Glenn Geher, one of my SOIBS compatriots, has this reply to Nate's essay here.

https://glenngeher.substack.com/p/steal-a-little-and-they-throw-you

A brief quote:

"In his piece, Bork follows this standard academic practice of presenting “both sides” when it comes to Trump’s approach to higher education. I have to say, while I usually support this general approach to presenting information, in the current case, I do not. As I stated in this piece a few years ago about the January 6, 2021 riot on the capital building that tragically led to the death of five people, including a police officer and a veteran of the United States Air Force, sometimes, one side is simply right. (You remember that nightmare, right?!)

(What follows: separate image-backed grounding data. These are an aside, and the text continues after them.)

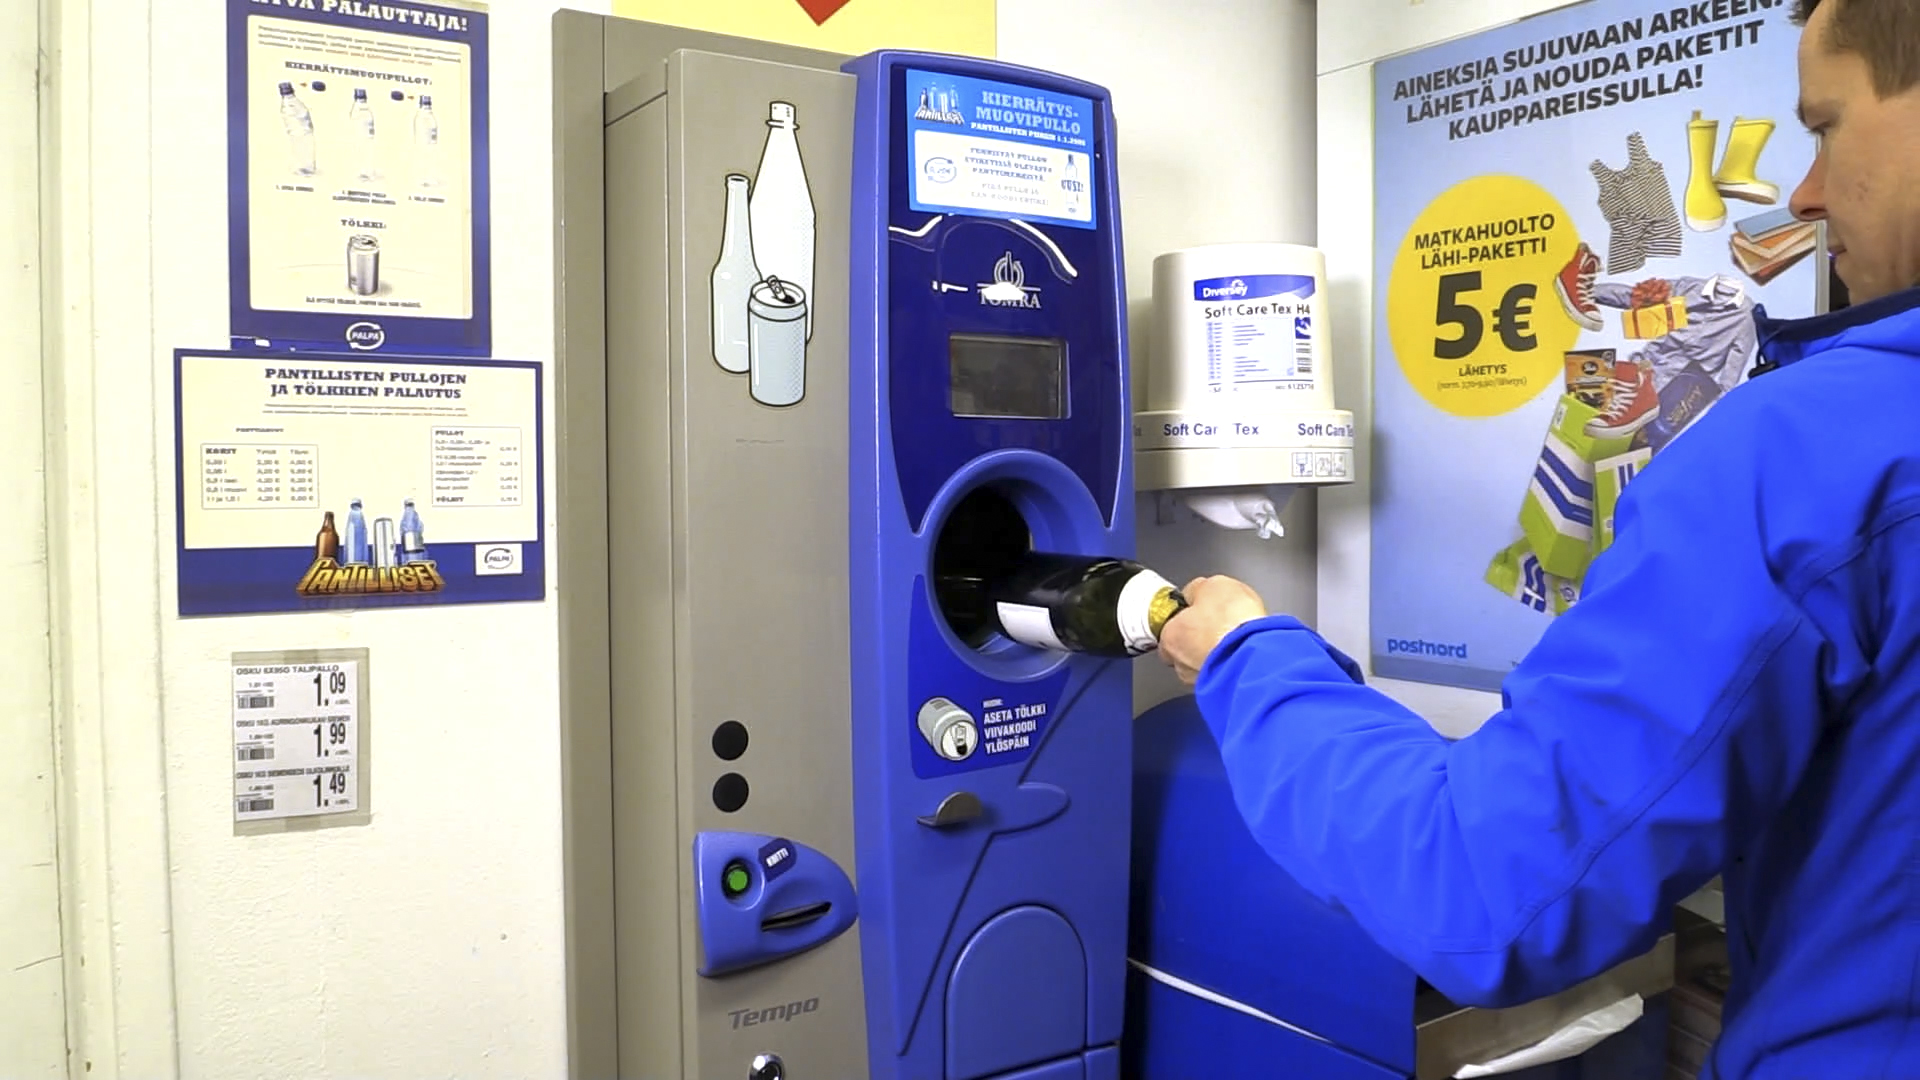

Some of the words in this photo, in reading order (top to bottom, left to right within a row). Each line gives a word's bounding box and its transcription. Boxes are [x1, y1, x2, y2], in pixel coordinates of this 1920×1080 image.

[322, 0, 468, 31] PALAUTTAJA!
[1393, 57, 1499, 101] AINEKSIA
[1503, 19, 1642, 74] SUJUVAAN
[1648, 0, 1784, 37] ARKEE
[1407, 79, 1496, 124] LÄHETÄ
[1500, 77, 1528, 102] JA
[1533, 52, 1631, 93] NOUDA
[1637, 19, 1765, 69] PAKETIT
[981, 90, 1079, 118] KIERRÄTYS-
[1449, 64, 1703, 140] KAUPPAREISSULLA!
[975, 105, 1081, 135] MUOVIPULLO
[1415, 213, 1555, 250] MATKAHUOLTO
[1421, 237, 1547, 270] LÄHI-PAKETTI
[1202, 284, 1248, 298] Diversey
[1204, 305, 1232, 319] Soft
[1237, 304, 1268, 316] Care
[1271, 302, 1292, 315] Tex
[1296, 303, 1311, 315] H4
[265, 368, 384, 382] PANTILLISTEN
[390, 372, 466, 386] PULLOJEN
[1459, 364, 1507, 376] LÄHETYS
[271, 384, 288, 397] JA
[294, 381, 378, 397] TÖLKKIEN
[384, 386, 461, 399] PALAUTUS
[1163, 423, 1189, 436] Soft
[1233, 422, 1259, 436] Tex
[1298, 423, 1323, 436] Soft
[298, 558, 446, 595] PANTILLISET
[1387, 637, 1468, 659] postnord
[313, 671, 346, 707] 1.09
[983, 709, 1013, 725] ASETA
[1014, 703, 1046, 719] TÖLKKI
[313, 722, 346, 758] 1.99
[984, 719, 1037, 739] VIIVAKOODI
[985, 735, 1030, 754] YLÖSPÄIN
[313, 773, 346, 808] 1.49
[728, 997, 821, 1031] Tempo

I have to say that I am discouraged to see a fellow academic supporting Trump’s approach in any capacity."

BUT, it did not end there. Nate has a masterful reply to Glenn -- and Nate's new essay on his own Substack is so good that it completely stands on its own. Its better than his guest post here.

https://nathanialbork2.substack.com/p/tangled-up-in-blue

Here are Nate's first two paragraphs:

"“There must be some way out of here,” said the joker to the thief. In All Along the Watchtower, Bob Dylan’s cryptic anthem, the wind howls with warnings of upheaval, a world turned upside down. I argued in my original piece that Donald Trump is that wind, a disruptive force shaking the foundations of political discourse and exposing the fault lines of our cultural psyche. Glenn Geher, in his response, Steal a Little and They Throw You in Jail, channels Dylan’s moral clarity to argue I’m romanticizing a conman, a felon whose divisiveness has fractured our society.

He has a point: Trump’s rap sheet (fraud convictions, election meddling allegations, etc.) ain’t exactly a protest song for the ages. But like Dylan’s tangled tales, the story’s deeper than one man’s flaws. The real howl comes from our own ivory towers, where we academics let radical leftists build a culture of fear, sowing the seeds for a backlash that’s as inevitable as a hard rain and as healthy as a voice crying in the wilderness."